Saturday, October 27, 2007

Abortion

I was a teenager when Star Trek IV: The Voyage Home was released in theaters--many refer to it as "the one with the whales". In that movie, the Enterprise crew ends up in 1980's San Francisco. Mr. Chekhov suffers a potentially fatal head injury and is taken to a hospital, where he's not expected to live.

Enter Dr. McCoy.

Coming from the 23rd century, McCoy is disgusted by the so-called medicine he sees. Dialysis? Needles? He speaks to Chekhov's doctor--who wants to drill into Chekhov's skull to relieve pressure on his brain. He's a doctor, not a butcher--or something like that.

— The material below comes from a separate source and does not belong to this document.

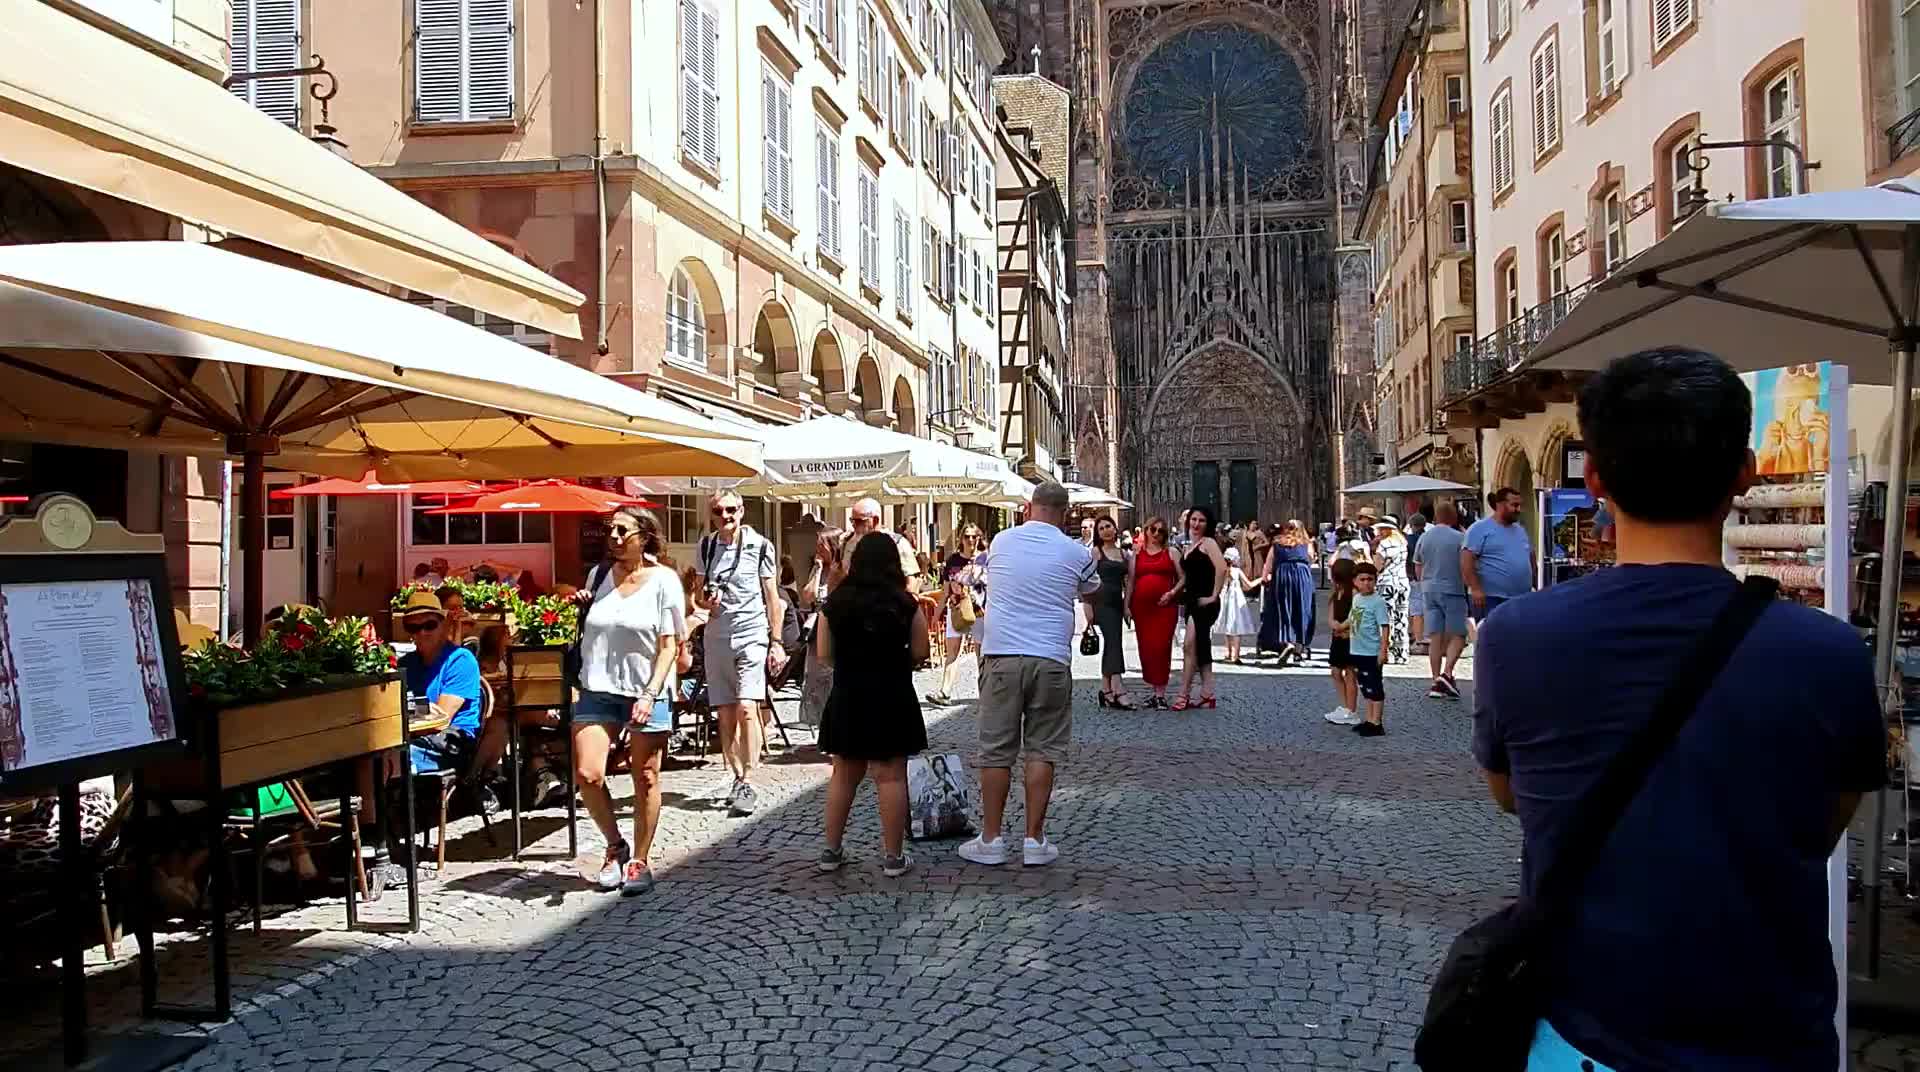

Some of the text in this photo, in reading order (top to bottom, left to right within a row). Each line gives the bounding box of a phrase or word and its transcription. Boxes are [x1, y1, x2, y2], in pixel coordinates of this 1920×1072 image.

[790, 458, 885, 474] LA GRANDE DAME

When my brother was dying a few years ago, I marveled at how little we know about human biology. In the past I had always marveled at how advanced we were, but there I was, reduced to hoping that someone, somewhere would die so my brother could have a liver. I wondered then how future generations would sneer at us, like we do the leech doctors, for actually taking organs from one person and putting them into another. It sounds so advanced and wonderful, but could just as easily sound ghoulish and barbaric.

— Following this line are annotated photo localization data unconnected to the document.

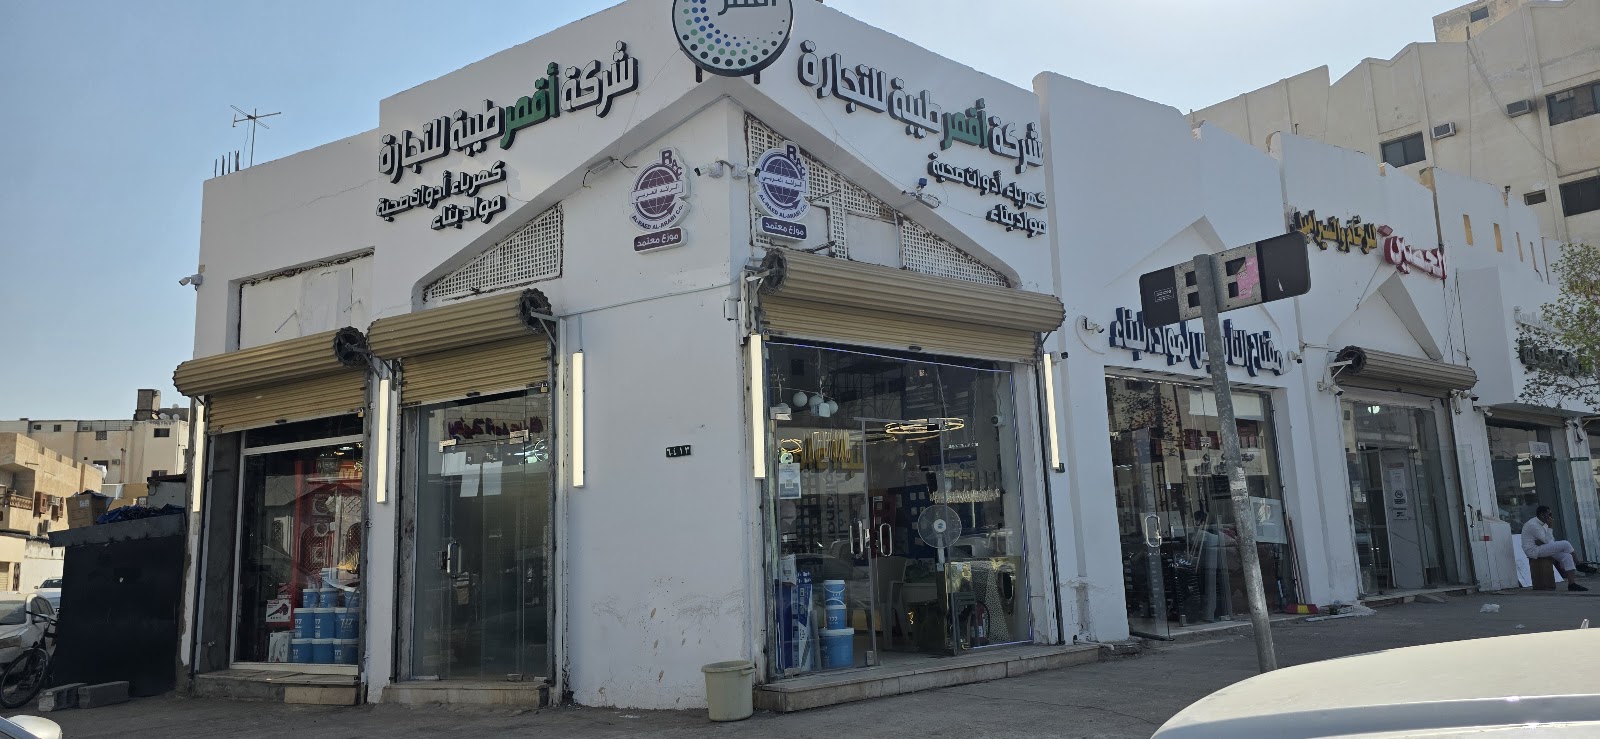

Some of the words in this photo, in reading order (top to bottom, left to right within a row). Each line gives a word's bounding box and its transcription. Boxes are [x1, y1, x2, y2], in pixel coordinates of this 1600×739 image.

[561, 40, 639, 118] شركة
[798, 40, 887, 114] للتجارة
[888, 77, 942, 139] طيبة
[450, 99, 505, 157] طيبة
[379, 116, 450, 184] للتجارة
[987, 115, 1043, 175] شركة
[451, 160, 506, 197] كهرباء
[928, 152, 965, 184] صحية
[963, 168, 1003, 197] أدوات
[410, 170, 452, 209] أدوات
[1002, 182, 1047, 210] كهرباء
[376, 195, 411, 222] صحية
[431, 204, 464, 230] بناء
[461, 195, 506, 224] مواد
[986, 204, 1016, 232] بناء
[661, 233, 679, 244] موزع
[765, 221, 788, 232] معتمد
[788, 225, 805, 236] موزع
[1014, 211, 1047, 238] مواد
[636, 237, 660, 247] معتمد
[1189, 318, 1249, 374] التأسس
[1247, 330, 1285, 377] مفتاح

So I read with interest this opinion piece wherein the author juxtaposed two interesting topics: the opening of a London exhibit on slavery, and thoughts on abortion.

I found myself wondering how abortion will be viewed by museum curators, teachers, historians and moralists 200 years from now.

As the slavery exhibition shows, something that one generation accepts readily enough is often seen as abhorrent by its descendants – so abhorrent, in fact, that people find it almost impossible to understand how it could have been countenanced in a supposedly civilised society.


It's a well-written article, and the comments at the end run the gamut of expectations; many on both sides are just as well thought out, while others are puerile or in the manner of a sound byte. I recommend taking a read if the topic interests you.